> _TASK ITEM_:
Copy the data below exactly. Any pictures in it should be omitted.

> _PROVIDED RECORDS_:

::::::::

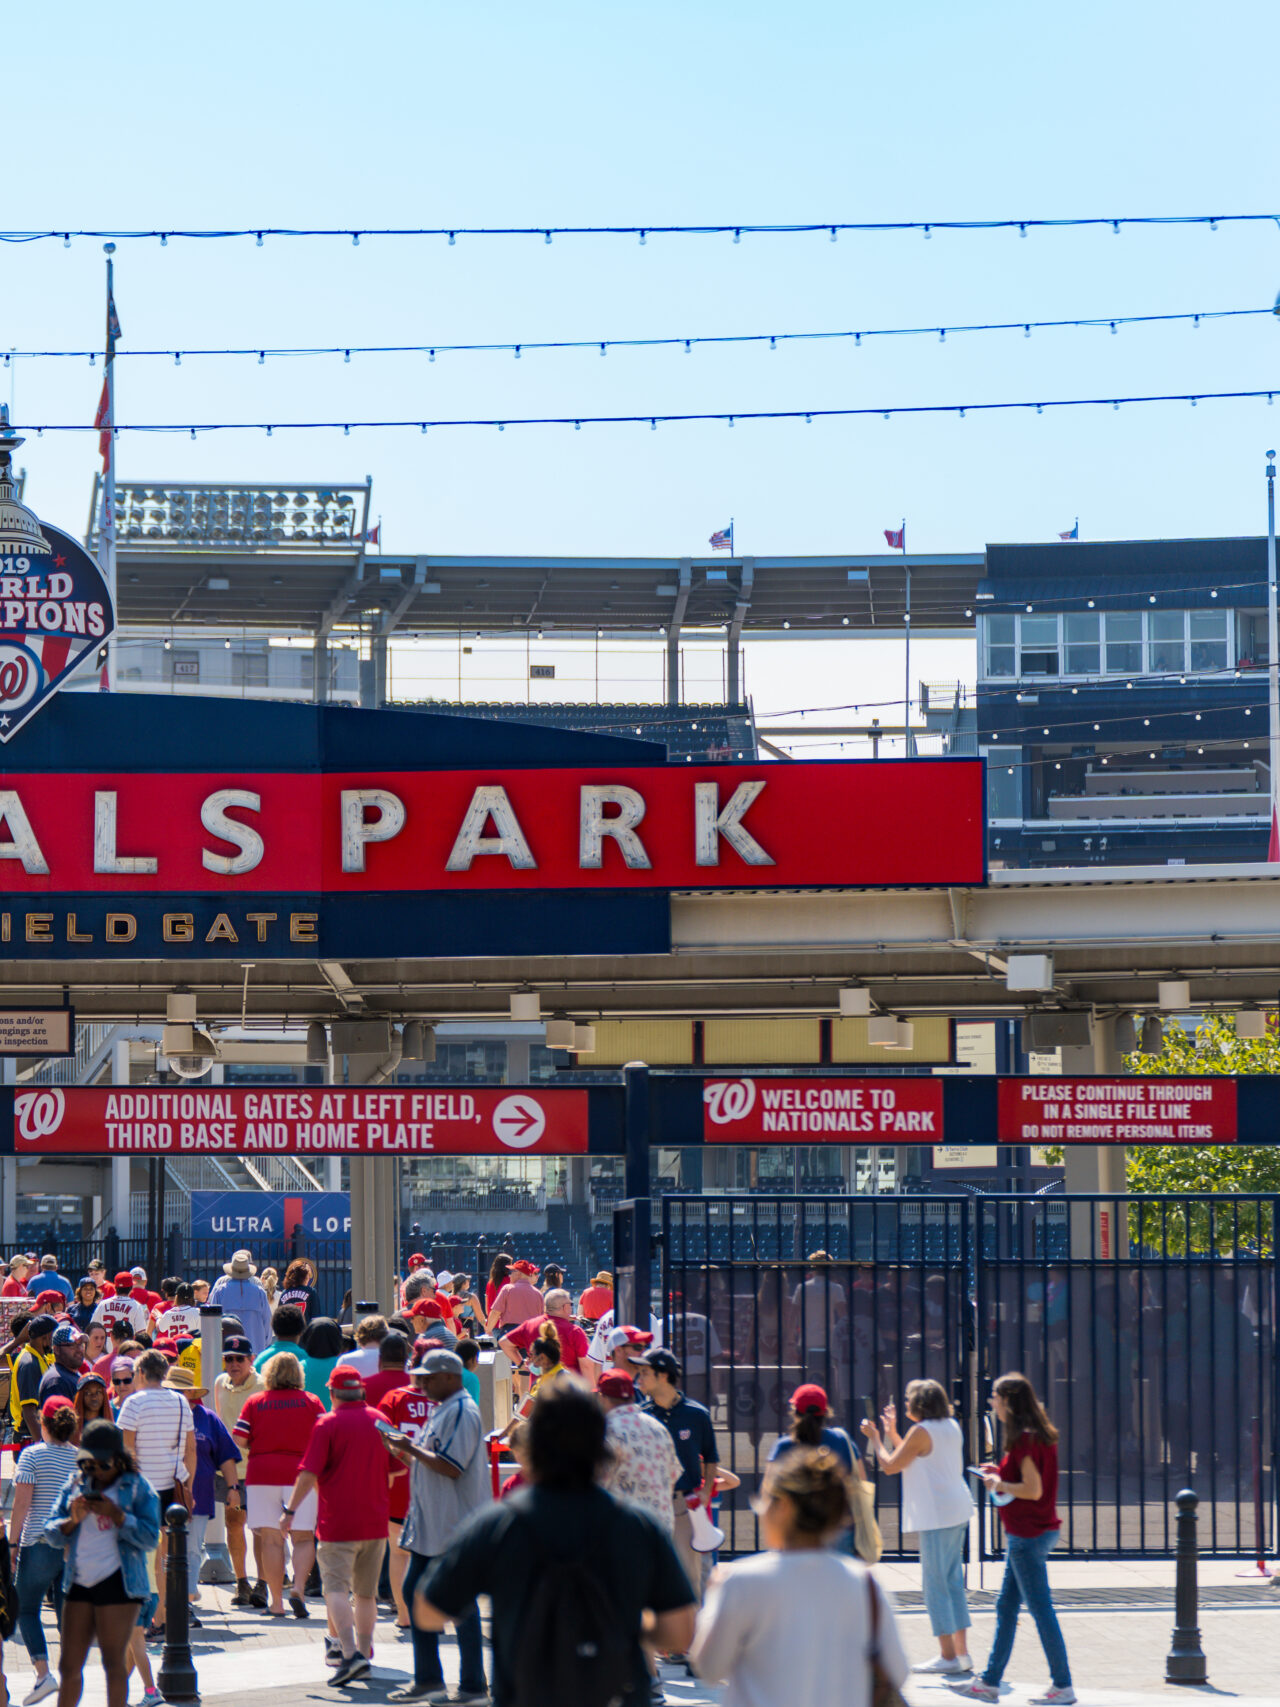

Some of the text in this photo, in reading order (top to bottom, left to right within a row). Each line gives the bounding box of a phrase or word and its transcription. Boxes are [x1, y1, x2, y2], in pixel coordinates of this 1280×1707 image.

[340, 780, 776, 874] PARK
[162, 911, 319, 943] GATE
[16, 1016, 44, 1025] and/or
[4, 1036, 48, 1047] inspection
[761, 1089, 896, 1110] WELCOME TO
[1021, 1084, 1213, 1101] PLEASE CONTINUE THROUGH
[105, 1093, 482, 1123] ADDITIONAL GATES AT LEFT FIELD,
[1043, 1103, 1192, 1119] IN A SINGLE FILE LINE
[763, 1111, 935, 1132] NATIONALS PARK
[104, 1122, 434, 1149] THIRD BASE AND HOME PLATE
[1022, 1124, 1213, 1138] DO NOT REMOVE PERSONAL ITEMS
[211, 1216, 273, 1233] ULTRA
[104, 1304, 132, 1314] LOGAN
[257, 1399, 306, 1412] NATIONALS

::::::::

> _RESPONSE TO THIS EXERCISE_:
Some of the text in this photo, in reading order (top to bottom, left to right within a row). Each line gives the bounding box of a phrase or word and its transcription. Boxes are [x1, y1, x2, y2], in pixel coordinates of this 1280×1707 image.

[340, 780, 776, 874] PARK
[162, 911, 319, 943] GATE
[16, 1016, 44, 1025] and/or
[4, 1036, 48, 1047] inspection
[761, 1089, 896, 1110] WELCOME TO
[1021, 1084, 1213, 1101] PLEASE CONTINUE THROUGH
[105, 1093, 482, 1123] ADDITIONAL GATES AT LEFT FIELD,
[1043, 1103, 1192, 1119] IN A SINGLE FILE LINE
[763, 1111, 935, 1132] NATIONALS PARK
[104, 1122, 434, 1149] THIRD BASE AND HOME PLATE
[1022, 1124, 1213, 1138] DO NOT REMOVE PERSONAL ITEMS
[211, 1216, 273, 1233] ULTRA
[104, 1304, 132, 1314] LOGAN
[257, 1399, 306, 1412] NATIONALS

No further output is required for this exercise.